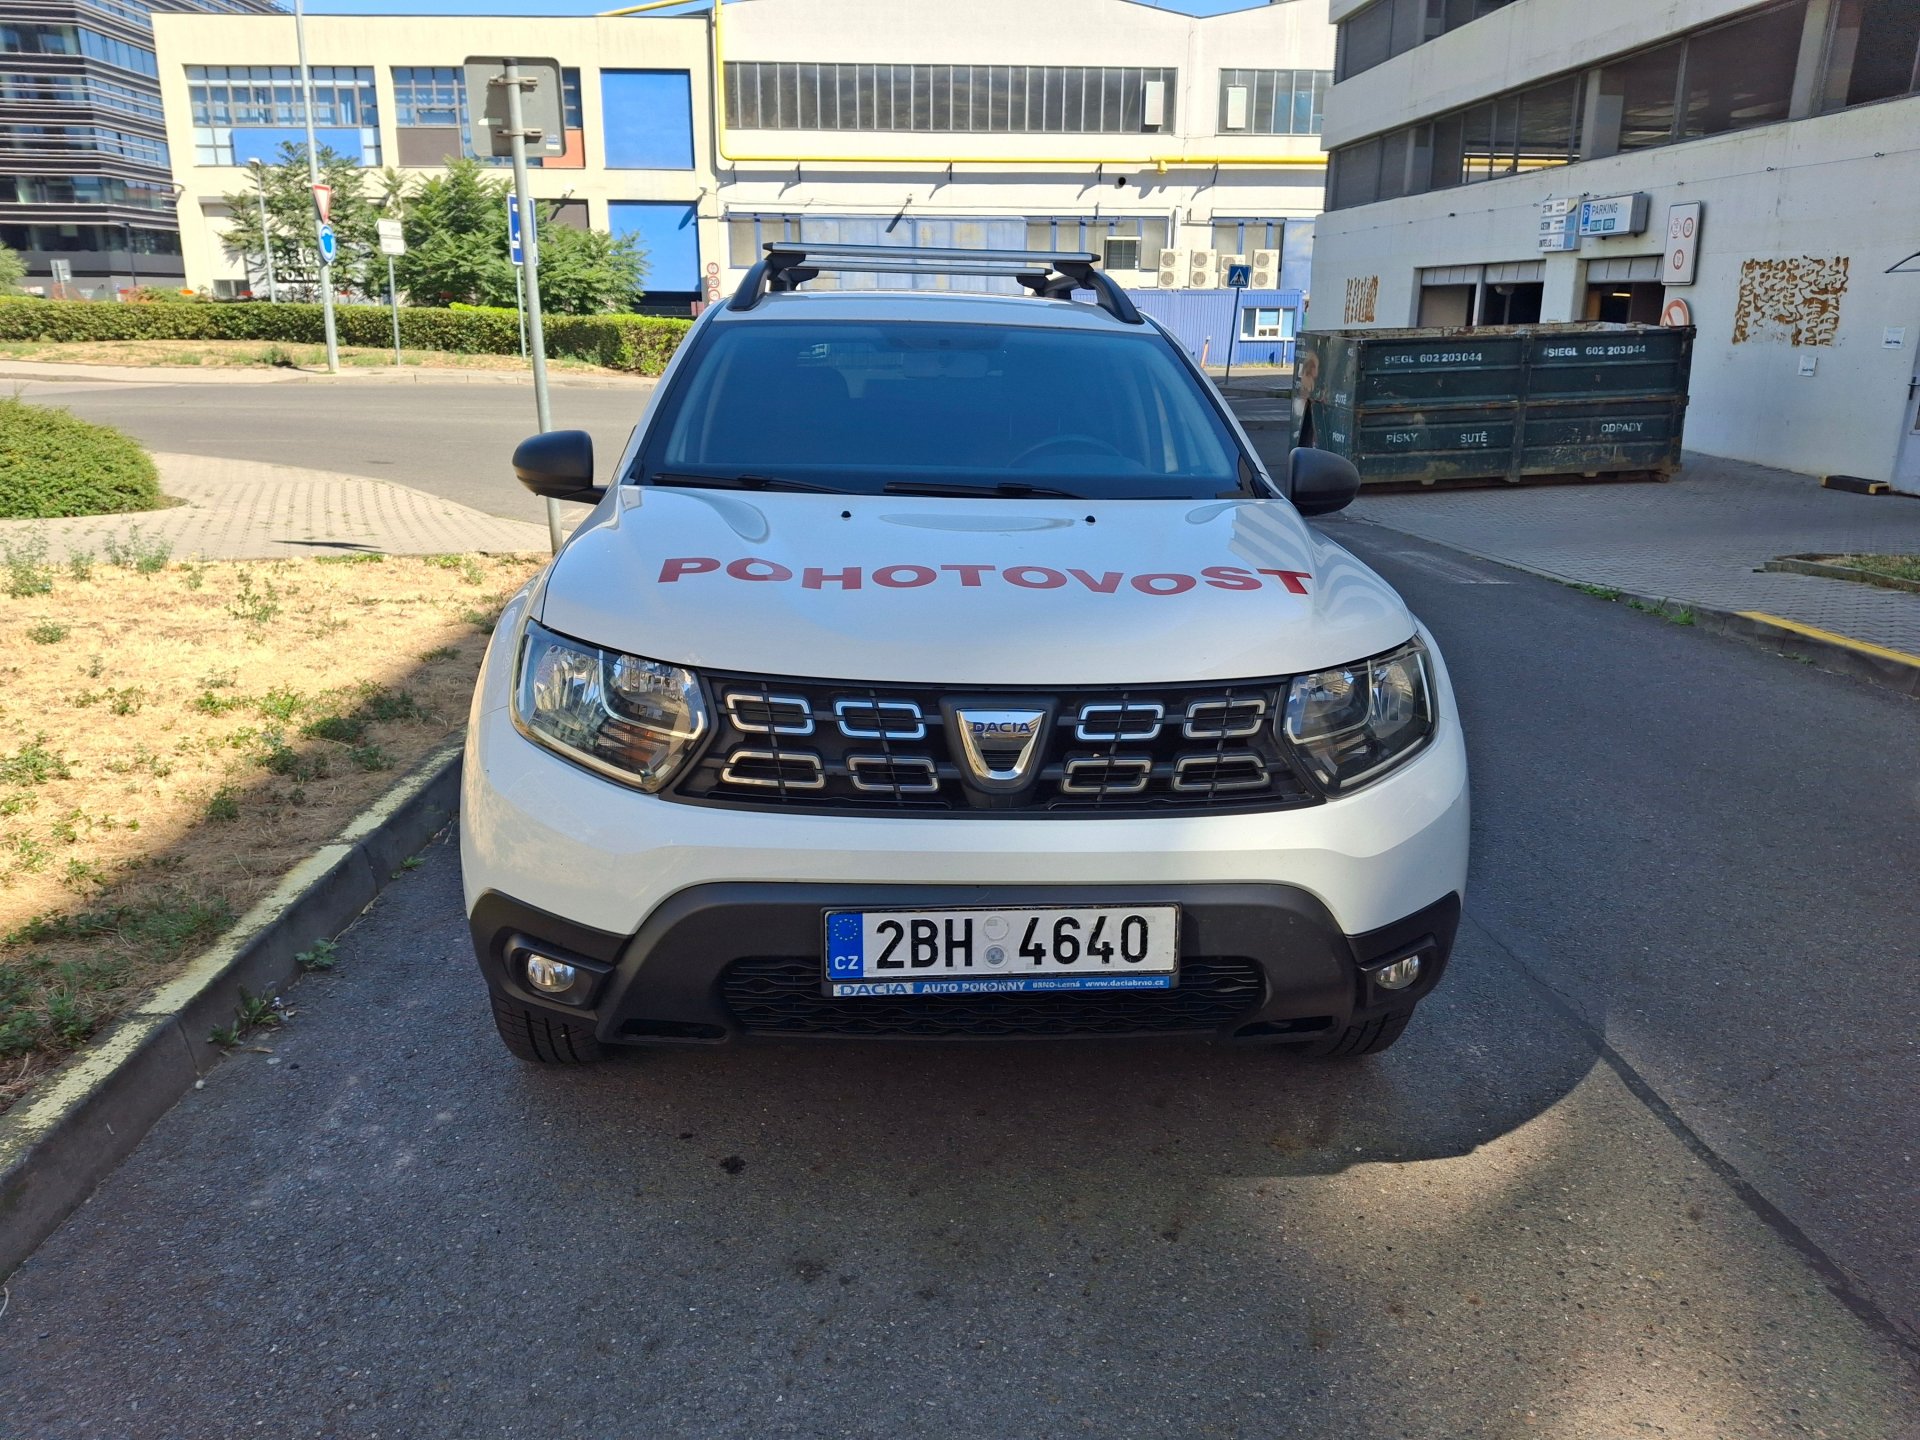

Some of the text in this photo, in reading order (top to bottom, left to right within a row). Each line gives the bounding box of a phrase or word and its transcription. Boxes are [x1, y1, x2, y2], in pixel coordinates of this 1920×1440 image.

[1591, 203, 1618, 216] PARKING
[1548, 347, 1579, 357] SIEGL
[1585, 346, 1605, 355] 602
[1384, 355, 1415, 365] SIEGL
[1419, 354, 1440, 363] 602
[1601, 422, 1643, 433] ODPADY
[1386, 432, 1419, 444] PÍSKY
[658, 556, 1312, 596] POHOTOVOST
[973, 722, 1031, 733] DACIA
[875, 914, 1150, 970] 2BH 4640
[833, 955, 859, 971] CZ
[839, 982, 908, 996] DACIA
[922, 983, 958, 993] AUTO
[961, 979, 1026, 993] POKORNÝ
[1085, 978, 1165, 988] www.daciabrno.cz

--------------------------------------------------

* [DIRECTIONS FOR THIS TASK]: A verbatim copy of every record is required, with all pictures excluded.

* [RESULT FOR THIS EXERCISE]:
Some of the text in this photo, in reading order (top to bottom, left to right within a row). Each line gives the bounding box of a phrase or word and its transcription. Boxes are [x1, y1, x2, y2], in pixel coordinates of this 1920×1440 image.

[1591, 203, 1618, 216] PARKING
[1548, 347, 1579, 357] SIEGL
[1585, 346, 1605, 355] 602
[1384, 355, 1415, 365] SIEGL
[1419, 354, 1440, 363] 602
[1601, 422, 1643, 433] ODPADY
[1386, 432, 1419, 444] PÍSKY
[658, 556, 1312, 596] POHOTOVOST
[973, 722, 1031, 733] DACIA
[875, 914, 1150, 970] 2BH 4640
[833, 955, 859, 971] CZ
[839, 982, 908, 996] DACIA
[922, 983, 958, 993] AUTO
[961, 979, 1026, 993] POKORNÝ
[1085, 978, 1165, 988] www.daciabrno.cz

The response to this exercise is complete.